WHAT TO DO: Keep images out and repeat all data exactly.

LISTED RECORDS START

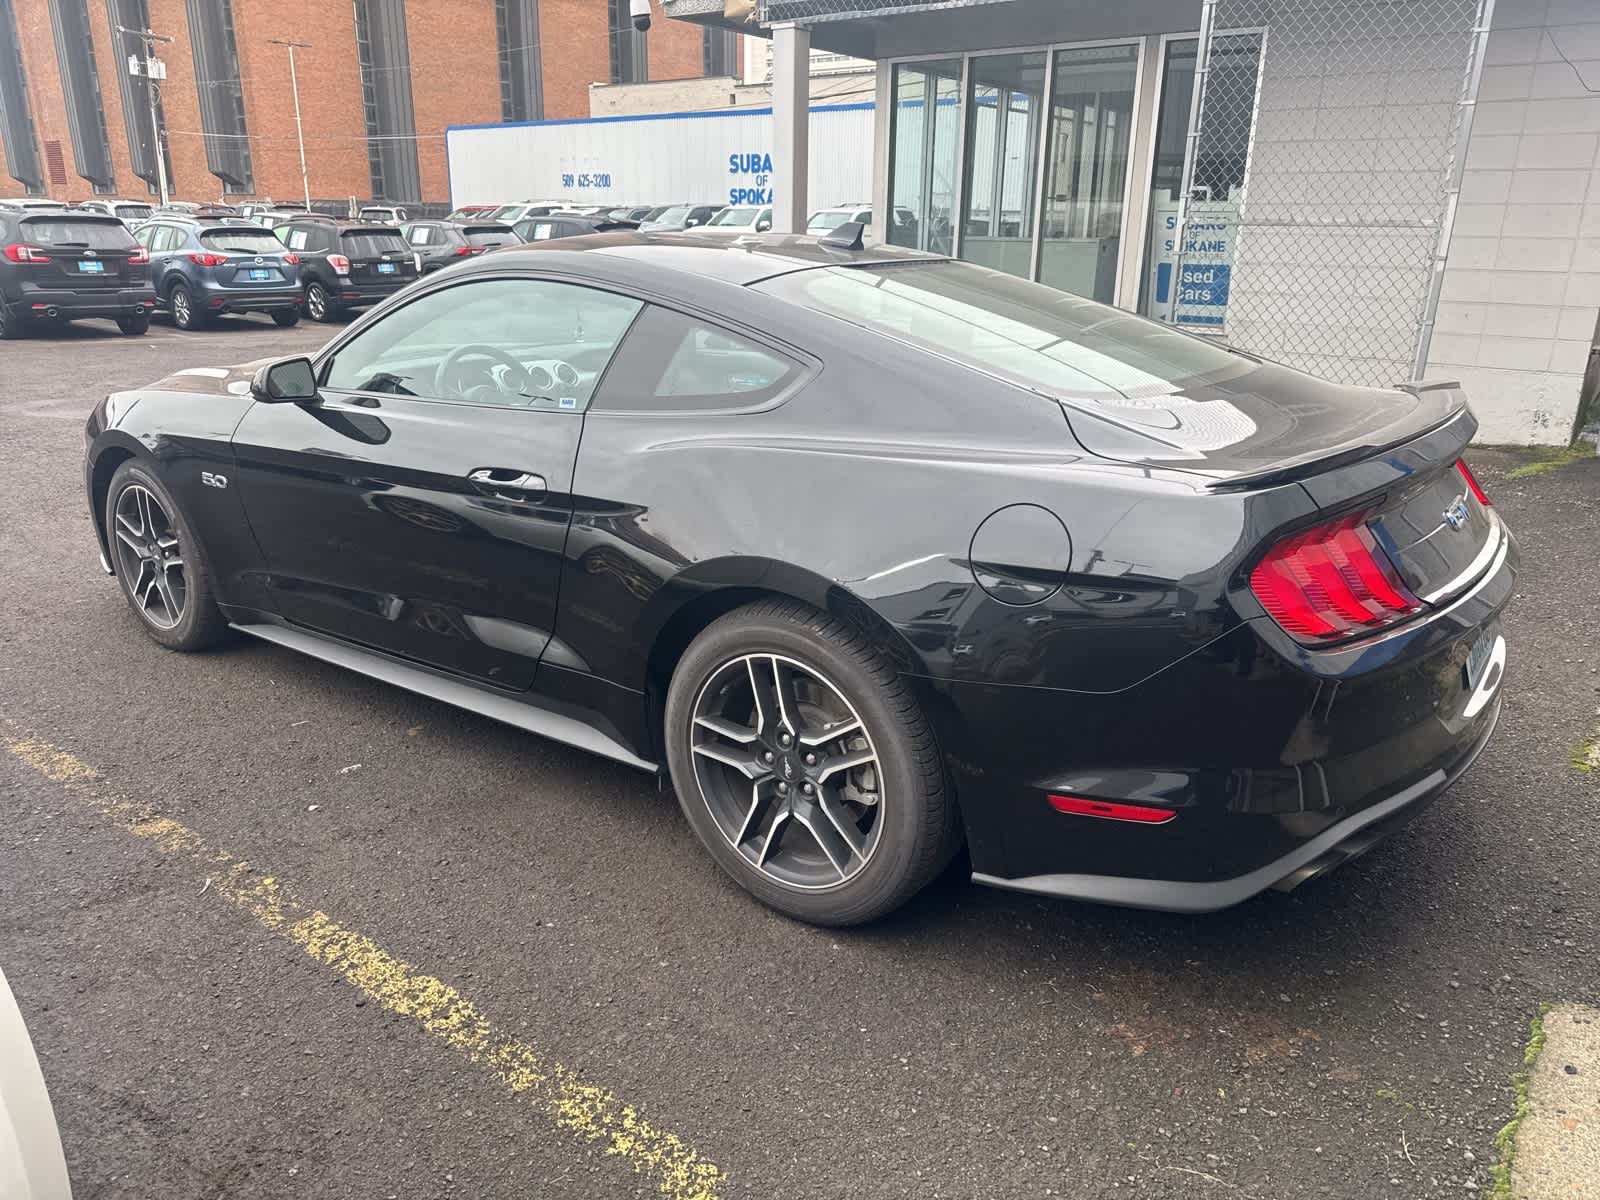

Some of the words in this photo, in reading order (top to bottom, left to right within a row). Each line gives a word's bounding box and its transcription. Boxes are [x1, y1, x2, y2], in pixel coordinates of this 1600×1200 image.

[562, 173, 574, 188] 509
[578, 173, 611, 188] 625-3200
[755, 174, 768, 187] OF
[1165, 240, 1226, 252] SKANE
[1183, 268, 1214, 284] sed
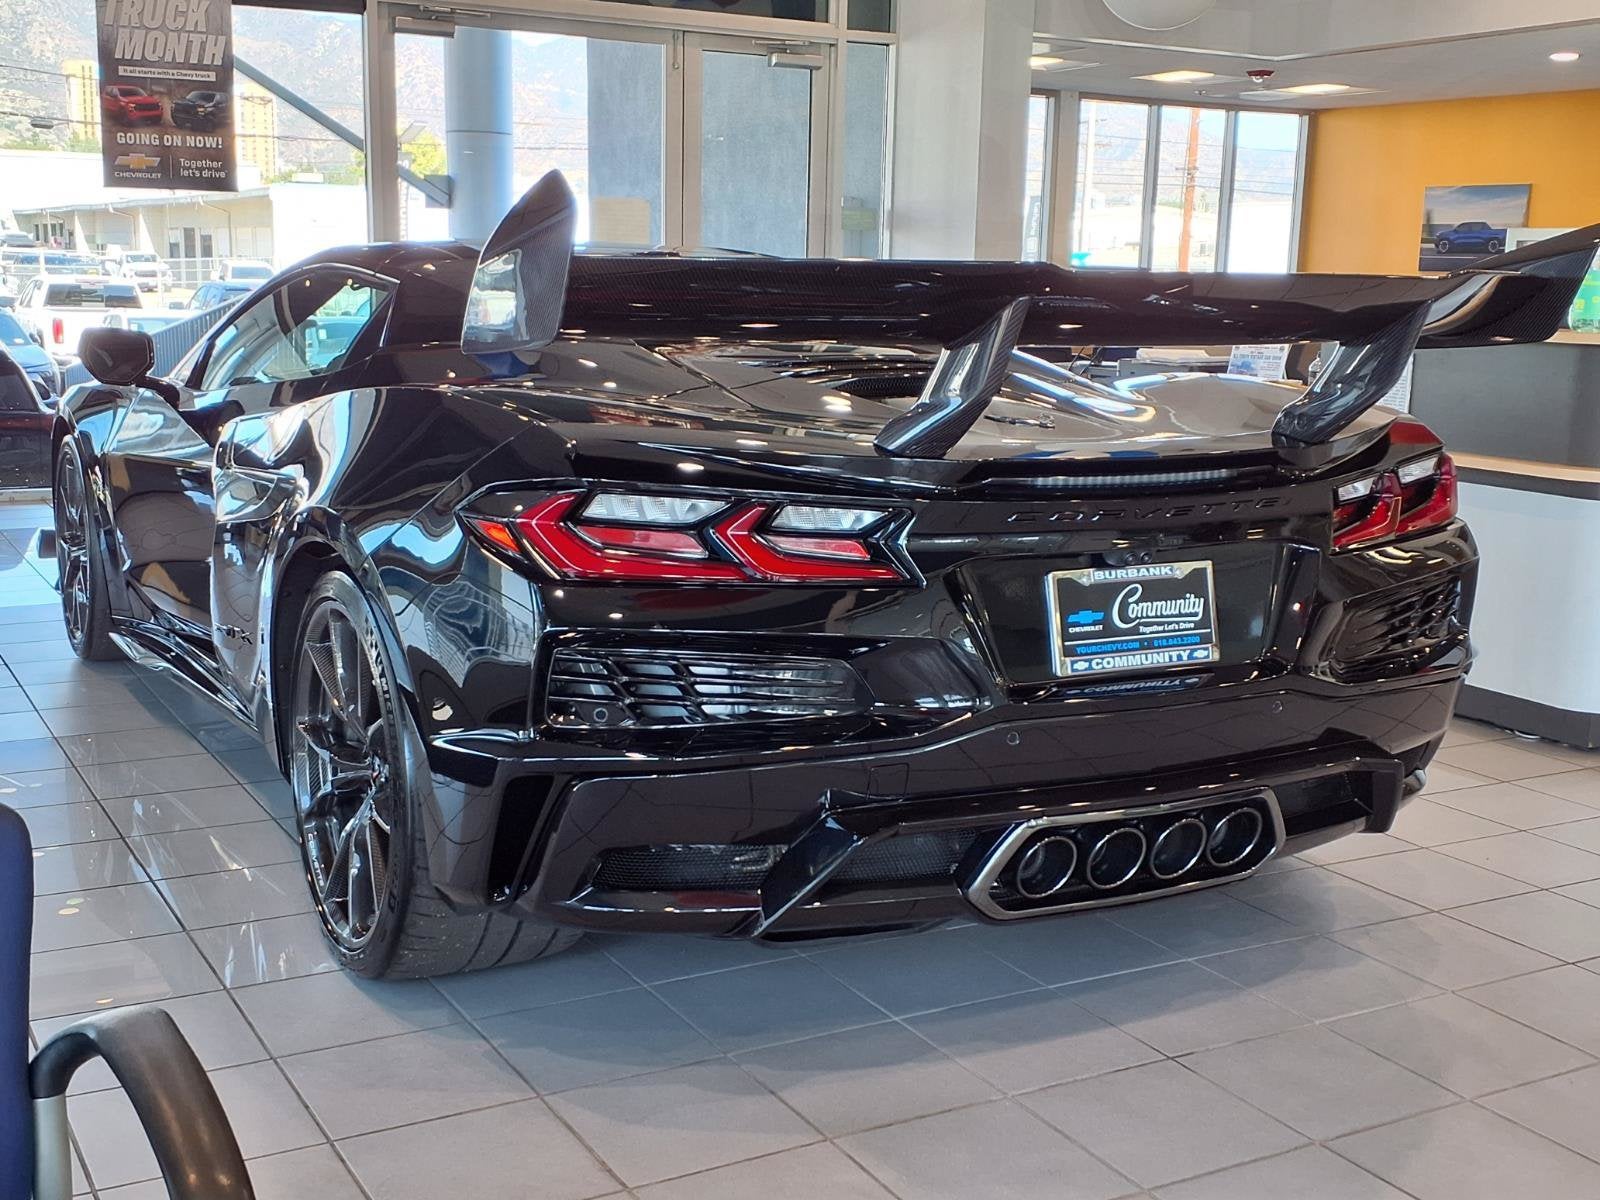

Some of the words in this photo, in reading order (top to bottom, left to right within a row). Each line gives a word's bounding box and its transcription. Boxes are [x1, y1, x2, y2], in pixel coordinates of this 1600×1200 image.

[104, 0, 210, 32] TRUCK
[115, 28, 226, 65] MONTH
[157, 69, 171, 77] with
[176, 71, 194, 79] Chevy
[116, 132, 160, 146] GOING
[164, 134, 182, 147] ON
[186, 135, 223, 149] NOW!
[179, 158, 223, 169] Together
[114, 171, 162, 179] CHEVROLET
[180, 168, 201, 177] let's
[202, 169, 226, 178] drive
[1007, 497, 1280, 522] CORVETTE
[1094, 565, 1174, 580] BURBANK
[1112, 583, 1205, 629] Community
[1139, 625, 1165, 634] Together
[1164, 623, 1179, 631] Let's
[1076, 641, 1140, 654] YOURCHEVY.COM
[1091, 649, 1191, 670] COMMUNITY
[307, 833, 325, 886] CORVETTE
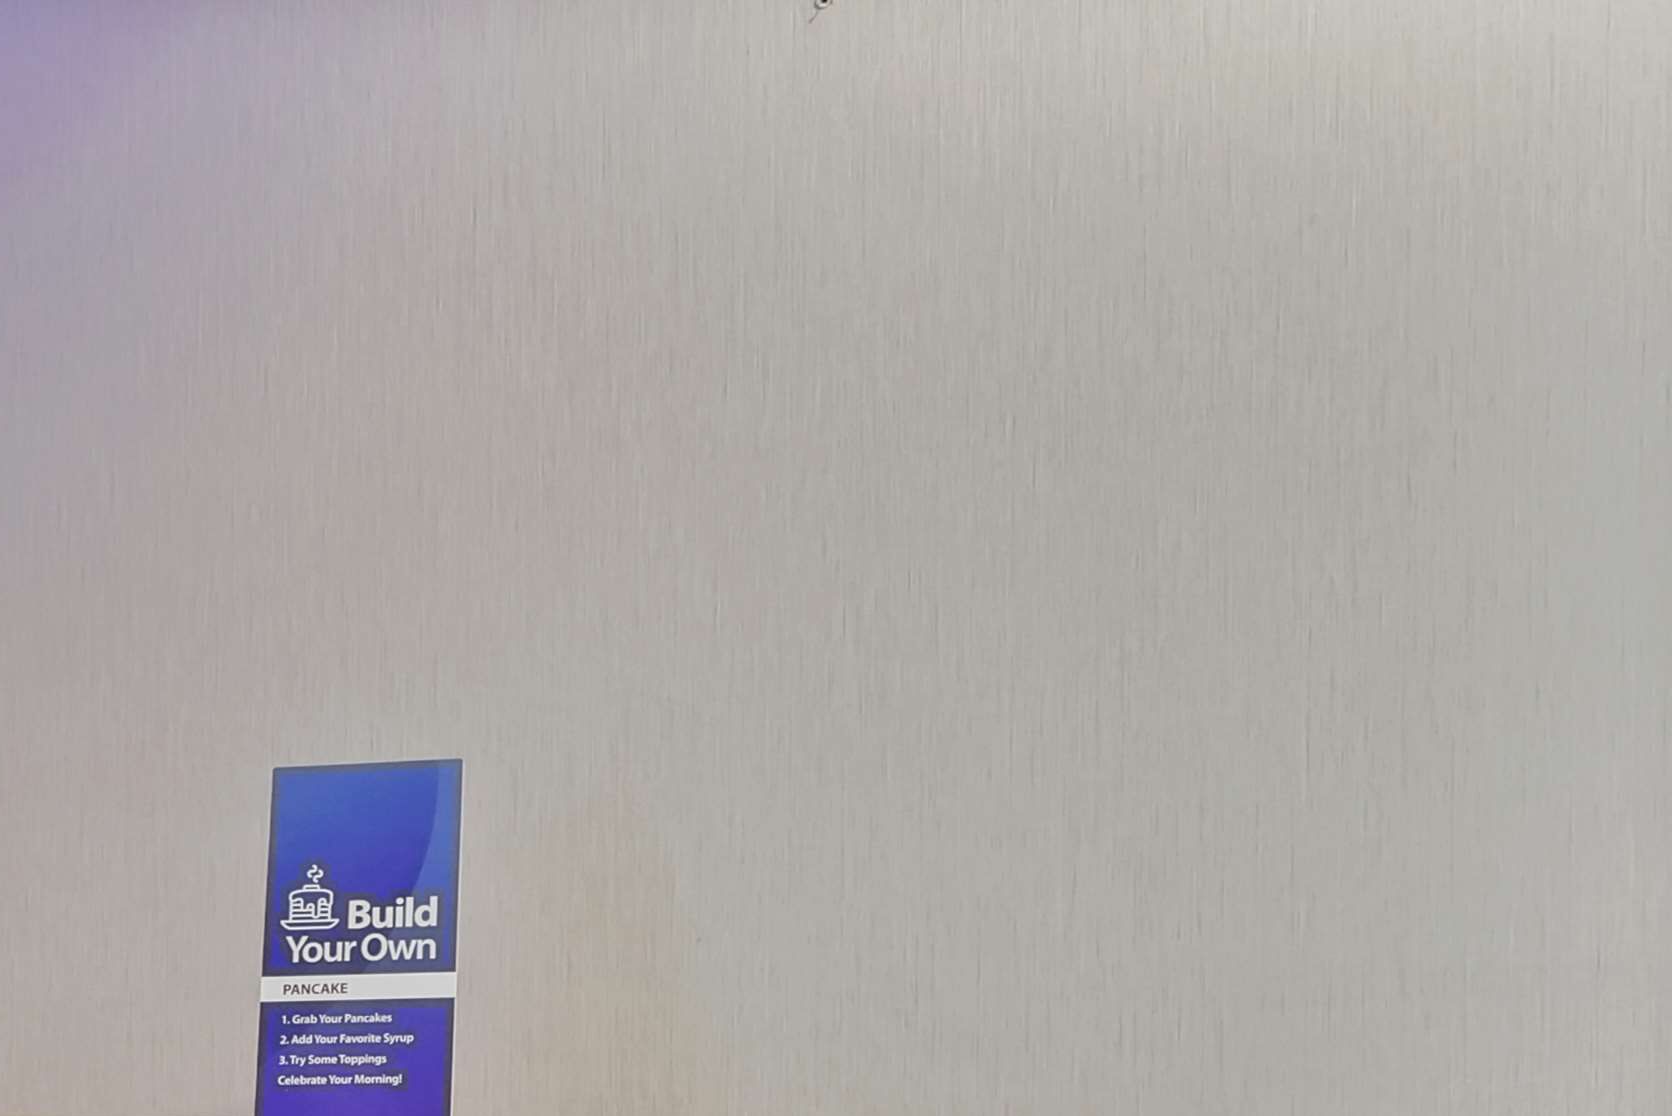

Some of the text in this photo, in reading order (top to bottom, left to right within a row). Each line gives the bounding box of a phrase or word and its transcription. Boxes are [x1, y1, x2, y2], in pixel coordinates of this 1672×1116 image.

LISTED RECORDS END

OUTPUT FOR THIS TASK:
Some of the words in this photo, in reading order (top to bottom, left to right within a row). Each line gives a word's bounding box and its transcription. Boxes are [x1, y1, x2, y2], in pixel coordinates of this 1600×1200 image.

[562, 173, 574, 188] 509
[578, 173, 611, 188] 625-3200
[755, 174, 768, 187] OF
[1165, 240, 1226, 252] SKANE
[1183, 268, 1214, 284] sed

Some of the words in this photo, in reading order (top to bottom, left to right within a row). Each line gives a word's bounding box and its transcription. Boxes are [x1, y1, x2, y2], in pixel coordinates of this 1600×1200 image.

[104, 0, 210, 32] TRUCK
[115, 28, 226, 65] MONTH
[157, 69, 171, 77] with
[176, 71, 194, 79] Chevy
[116, 132, 160, 146] GOING
[164, 134, 182, 147] ON
[186, 135, 223, 149] NOW!
[179, 158, 223, 169] Together
[114, 171, 162, 179] CHEVROLET
[180, 168, 201, 177] let's
[202, 169, 226, 178] drive
[1007, 497, 1280, 522] CORVETTE
[1094, 565, 1174, 580] BURBANK
[1112, 583, 1205, 629] Community
[1139, 625, 1165, 634] Together
[1164, 623, 1179, 631] Let's
[1076, 641, 1140, 654] YOURCHEVY.COM
[1091, 649, 1191, 670] COMMUNITY
[307, 833, 325, 886] CORVETTE

Some of the text in this photo, in reading order (top to bottom, left to right within a row). Each line gives the bounding box of a phrase or word and its transcription. Boxes are [x1, y1, x2, y2], in pixel coordinates of this 1672×1116 image.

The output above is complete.